Enabling revenue oversight through process and organizational excellence for communications and technology companies


The new revenue recognition guidelines set out by FASB and IASB demand a proactive and comprehensive examination of a company’s end-to-end revenue function and a significant commitment in terms of funds and resources for a potential multi-year effort to assess and implement the required modifications to policies, processes, systems and organizational alignment.

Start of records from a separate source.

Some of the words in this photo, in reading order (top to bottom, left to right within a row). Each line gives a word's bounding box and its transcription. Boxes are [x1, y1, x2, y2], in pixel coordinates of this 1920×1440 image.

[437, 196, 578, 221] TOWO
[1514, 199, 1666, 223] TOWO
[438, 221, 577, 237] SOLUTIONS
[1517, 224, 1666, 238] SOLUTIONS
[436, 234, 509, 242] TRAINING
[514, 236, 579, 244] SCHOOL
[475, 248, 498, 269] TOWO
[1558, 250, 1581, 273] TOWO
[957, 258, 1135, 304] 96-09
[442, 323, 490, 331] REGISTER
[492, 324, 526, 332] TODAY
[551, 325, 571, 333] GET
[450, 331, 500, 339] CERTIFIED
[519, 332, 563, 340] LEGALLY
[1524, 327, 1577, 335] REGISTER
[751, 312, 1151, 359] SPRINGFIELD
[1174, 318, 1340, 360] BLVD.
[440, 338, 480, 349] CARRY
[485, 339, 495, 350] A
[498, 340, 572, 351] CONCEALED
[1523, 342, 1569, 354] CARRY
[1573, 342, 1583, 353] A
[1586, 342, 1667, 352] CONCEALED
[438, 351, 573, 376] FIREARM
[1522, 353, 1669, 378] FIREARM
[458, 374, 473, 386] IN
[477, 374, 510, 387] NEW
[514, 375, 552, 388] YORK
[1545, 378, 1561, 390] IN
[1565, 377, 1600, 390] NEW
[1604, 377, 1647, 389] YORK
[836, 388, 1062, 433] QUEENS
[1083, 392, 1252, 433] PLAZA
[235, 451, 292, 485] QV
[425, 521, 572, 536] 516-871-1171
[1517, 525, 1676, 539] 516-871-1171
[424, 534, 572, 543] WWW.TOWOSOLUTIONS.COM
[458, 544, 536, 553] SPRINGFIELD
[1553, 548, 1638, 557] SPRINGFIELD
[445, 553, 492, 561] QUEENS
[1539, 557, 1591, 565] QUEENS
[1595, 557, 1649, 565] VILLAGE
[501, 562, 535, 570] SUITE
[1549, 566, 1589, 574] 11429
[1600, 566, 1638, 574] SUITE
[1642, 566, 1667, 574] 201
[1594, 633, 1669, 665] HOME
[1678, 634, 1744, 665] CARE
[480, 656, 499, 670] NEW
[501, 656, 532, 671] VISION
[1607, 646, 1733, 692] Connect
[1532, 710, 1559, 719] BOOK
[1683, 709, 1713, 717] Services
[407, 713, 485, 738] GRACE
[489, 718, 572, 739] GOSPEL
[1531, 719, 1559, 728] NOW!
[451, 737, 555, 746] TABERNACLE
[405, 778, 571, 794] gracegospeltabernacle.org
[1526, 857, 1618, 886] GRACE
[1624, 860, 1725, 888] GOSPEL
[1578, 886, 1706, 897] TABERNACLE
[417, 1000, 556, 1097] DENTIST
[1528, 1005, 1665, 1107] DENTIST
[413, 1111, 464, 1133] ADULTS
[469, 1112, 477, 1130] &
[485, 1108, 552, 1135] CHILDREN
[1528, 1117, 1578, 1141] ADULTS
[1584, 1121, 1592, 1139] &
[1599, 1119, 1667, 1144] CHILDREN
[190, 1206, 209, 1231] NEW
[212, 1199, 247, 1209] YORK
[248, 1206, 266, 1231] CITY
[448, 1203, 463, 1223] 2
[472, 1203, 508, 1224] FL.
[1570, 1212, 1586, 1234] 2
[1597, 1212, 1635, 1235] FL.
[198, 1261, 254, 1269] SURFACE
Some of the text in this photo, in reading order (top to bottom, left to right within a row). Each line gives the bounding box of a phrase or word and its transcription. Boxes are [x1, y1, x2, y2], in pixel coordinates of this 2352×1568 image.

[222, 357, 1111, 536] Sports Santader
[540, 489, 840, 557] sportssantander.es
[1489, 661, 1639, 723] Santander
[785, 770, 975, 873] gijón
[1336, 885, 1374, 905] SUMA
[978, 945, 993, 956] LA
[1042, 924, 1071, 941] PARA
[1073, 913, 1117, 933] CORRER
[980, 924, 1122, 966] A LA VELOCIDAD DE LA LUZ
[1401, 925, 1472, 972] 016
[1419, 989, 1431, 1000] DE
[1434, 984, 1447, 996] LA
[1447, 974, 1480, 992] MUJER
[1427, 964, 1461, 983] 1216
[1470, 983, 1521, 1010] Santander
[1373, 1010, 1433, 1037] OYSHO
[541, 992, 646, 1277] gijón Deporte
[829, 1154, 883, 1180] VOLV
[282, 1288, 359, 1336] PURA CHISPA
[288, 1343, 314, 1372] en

The core principle of the new guidance is based on the expected entitlement of consideration in exchange for goods and services. In the Communications industry the impacts may include the elimination of contingent revenue cap, variable consideration in network access contracts and additional performance obligations may exist in the area of activation and installation services in particular. The degree in which companies in the Communications industry are impacted will vary based on the systems the organization currently has in place.

Regulatory compliance is a powerful incentive to commit significant financial and non-financial resources to remain in step with rules and regulations.

The Approach


With the announcement of the new converged standard on revenue recognition on May 28, 2014, the Financial Accounting Standards Board and the International Accounting Standards Board (“the Boards”) have concluded their multiyear effort to streamline and improve this key area of financial reporting.

In the process, the Boards have adopted sweeping changes to revenue accounting regulations with significant impacts to a broad spectrum of companies across many industry groups in the jurisdictions under US Generally Accepted Accounting Principles (GAAP) and International Financial Reporting Standards (IFRS).

In light of the new standard, chief financial officers (CFOs) will need to re-evaluate their current revenue accounting processes, organization and systems and assess what changes are required to maintain compliance with the new guidance for annual reporting periods beginning December 15, 2016.

Key Findings

While revisions to accounting guidelines are frequent and companies are typically adept at conforming to new guidance, in our view this particular change is fundamentally different for a number of reasons:

  • The scope of the new standard on revenue recognition is significant as it seeks to encapsulate the current complex, detailed and disparate revenue guidelines into one set of guidelines standardizing revenue accounting treatment for economically similar transactions.
  • The use of bundled arrangements, complex pricing arrangements and a variety of sales channels result in revenue accounting becoming a highly complex process and affecting many company functions such as finance, information technology, human resources, sales, legal, and supply chain.
  • Many enterprise resource planning (ERP) systems currently do not support key aspects of the new guidance. Thus, CFOs may need to explore the potential use of bolt-on and custom technical applications for either a permanent solution or to bridge the gap until ERP vendors have put compliant technology in place.
  • The time between the announcement and the effective date of the guidance appears to be deceptively long. This may provide a false sense of security to companies with respect to the time they have to comply with the new guidance. The degree of change required for some companies may be significant and entail fundamental changes to process, organization and technology, so in our view a proactive approach to assessing the implications of this guidance to the business is paramount.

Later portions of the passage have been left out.